Le journal local de langue yiddish, Bialystoker Togenblat indique sous la plume du gabbaï K-H. Nowik, du trésorier N. Zabludowski et du juriste Z. Rapoport :

« Les gabbaïm de la Grande synagogue expriment par la présente leur plus cordial remerciement au comité de construction de la Grande synagogue, formé des membres suivants: Feywl Khohan, Yitzhak Pogorelski, Shabtai Lebenhaft, Meir Rozental, Mendl Kreczmer, Asher Toposki, Leib Kaplan, Shmuel Priluker, Shmuel Pines, Borukh Gotlib, Efroim Avent, Avraham Dolidski, Leib Rapoport, Yisroel Tikocki, Shimeon Rubin, Nekhemia Herc, Shaul Kantor, Leib Mozower et Meir Yitzhak Abeliow, qui pendant une année et demi, ont travaillé avec grand effort et dévotion pour terminer la construction du bâtiment de la synagogue, et qui ont obtenu un tel succès grâce à leur coopération énergique de sorte que la synagogue est un bâtiment magnifique et grandiose. Nous exprimons nos remerciements à eux et à tous ceux qui ont travaillé au bâtiment de la synagogue pour notre communauté et notre pays[9]. »

Architecture de la synagogue[modifier | modifier le code]

La synagogue, située rue Boznicza (aujourd'hui rue Suraska), est un bâtiment carré en pierres, avec un large dôme central de dix mètres de diamètre surmonté d'une flèche terminée par une étoile de David, et de deux dômes plus petits décoratifs au-dessus des pièces latérales. La structure composite en béton armé et acier du dôme principal est soutenue par des piliers, qui au niveau de la grande salle de prière sont incorporés dans la structure de la bimah. Le dôme possède huit petites ouvertures permettant d'éclairer la synagogue. La salle de prière principale est entourée sur trois côtés, au niveau du premier étage par une galerie réservée aux femmes. De tendance réformée, la synagogue possède un orgue et un emplacement réservé pour un chœur. L'entrée principale de 2,5 mètres de large conduit à la salle de prière principale. À l'opposé de l'entrée principale se trouve un large espace pour les fidèles debout, tandis que derrière se trouvent des bancs pour les fidèles réguliers. De chaque côté, un escalier mène à la galerie pour les femmes[10].

Le bâtiment de la synagogue présente un style éclectique associant le néo-gothique principalement pour les baies, au style néo-byzantin des coupoles et aux formes orientales.
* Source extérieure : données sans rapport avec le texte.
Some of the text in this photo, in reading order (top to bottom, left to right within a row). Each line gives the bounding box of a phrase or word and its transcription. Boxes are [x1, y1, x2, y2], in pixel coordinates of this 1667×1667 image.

Au début du XXe siècle, de nombreuses synagogues de Pologne empruntent des éléments byzantins afin de réduire l'aspect néo-gothique étroitement identifié au christianisme.
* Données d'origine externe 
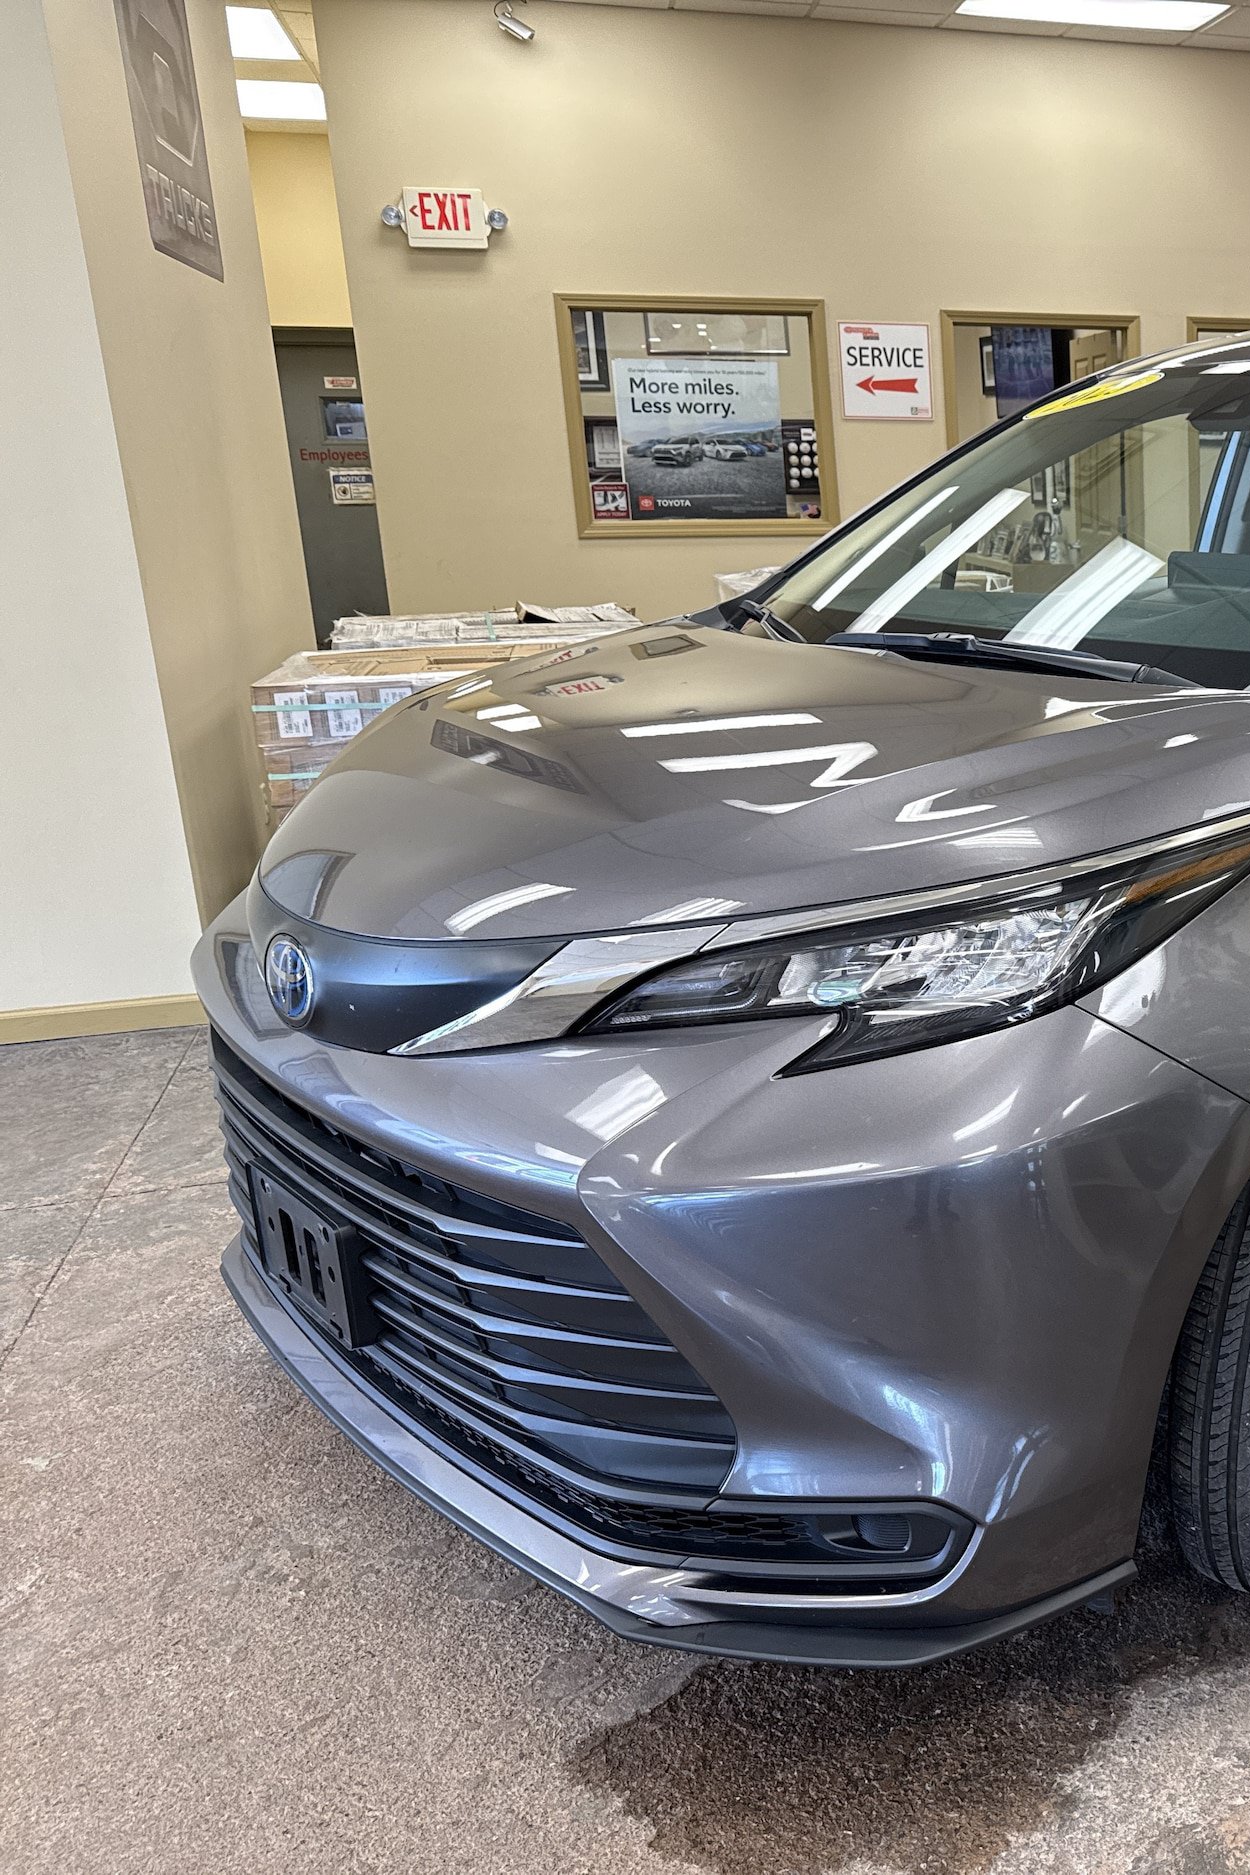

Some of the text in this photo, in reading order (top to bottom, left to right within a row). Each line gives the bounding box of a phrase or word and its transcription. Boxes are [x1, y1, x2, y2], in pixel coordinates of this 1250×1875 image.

Gedali Rozenman, grand-rabbin de Bialystok de 1919 à 1943

Fonctionnement de la synagogue[modifier | modifier le code]

La nouvelle et grande synagogue de Bialystok appartient à la communauté réformée, et a pour fidèles principalement des jeunes et la classe éduquée de la communauté juive. Elle n'est ouverte que le shabbat et les jours de fête, ainsi que pour des cérémonies officielles en présence des autorités municipales et gouvernementales. Le rabbin Gedali Rozenman y donne des conférences passionnantes religieuses et parfois politiques en langue polonaise.

Le , se déroule à la synagogue une importante cérémonie religieuse et nationale en l'honneur de Nahum Sokolow, venu représenté le Keren Hayessod (Fonds de fondation) à Bialystok. La synagogue est bondée et une foule compacte se presse dans les rues avoisinantes. Ovationné à son arrivée, les représentants de la synagogue lui offrent un rouleau de Torah en guise de cadeau. Après un discours de remerciement, Sokolow écrira un article complet dans le Pinkes (Livre mémorial) de la synagogue[11].

En 1934, la synagogue est intégrée dans les institutions du Vaad haKehile (Conseil de la communauté juive), qui contribue à ses dépenses à hauteur de 4 000 gildn par an. En 1934, les dépenses totales de la synagogue se chiffrent à 14 950 gildn et en 1935 à 14 522 gildn. Les principales dépenses sont: le Hazzan (chantre) pour environ 4 000 gildn par an, le chœur pour 5 000 gildn par an et les Chamachim (bedeaux).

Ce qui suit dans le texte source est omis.